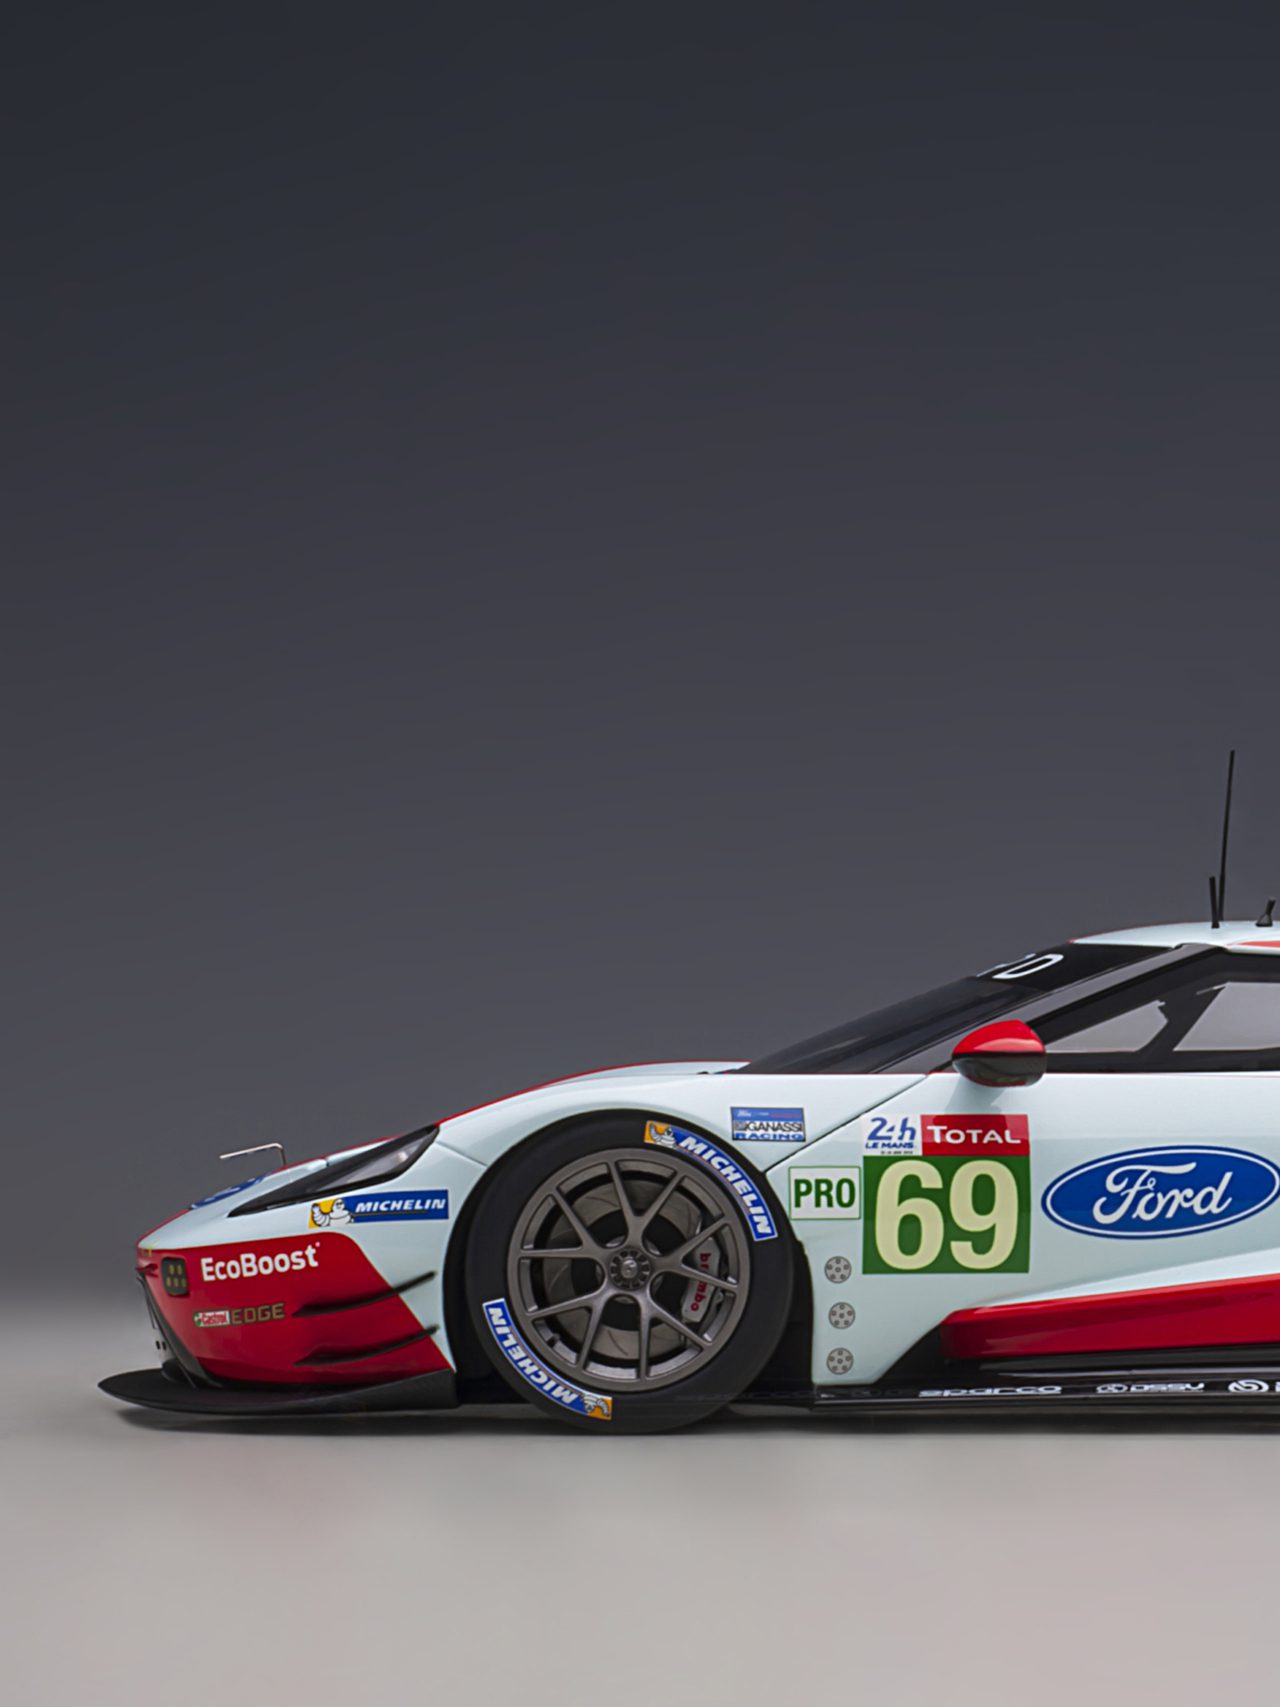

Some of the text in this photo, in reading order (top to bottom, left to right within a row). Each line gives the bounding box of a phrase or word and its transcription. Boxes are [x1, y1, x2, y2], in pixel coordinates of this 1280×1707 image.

[355, 1198, 447, 1213] MICHELIN
[679, 1136, 772, 1239] MICHELIN
[794, 1178, 856, 1209] PRO
[1092, 1162, 1233, 1225] Ford
[875, 1160, 1018, 1270] 69
[200, 1245, 318, 1282] EcoBoost
[231, 1302, 286, 1325] EDGE
[488, 1306, 576, 1404] MICHELIN

******

**Problem requirements**
Copy every record exactly as it appears, apart from any pictures.

**Exercise response**
Some of the text in this photo, in reading order (top to bottom, left to right within a row). Each line gives the bounding box of a phrase or word and its transcription. Boxes are [x1, y1, x2, y2], in pixel coordinates of this 1280×1707 image.

[355, 1198, 447, 1213] MICHELIN
[679, 1136, 772, 1239] MICHELIN
[794, 1178, 856, 1209] PRO
[1092, 1162, 1233, 1225] Ford
[875, 1160, 1018, 1270] 69
[200, 1245, 318, 1282] EcoBoost
[231, 1302, 286, 1325] EDGE
[488, 1306, 576, 1404] MICHELIN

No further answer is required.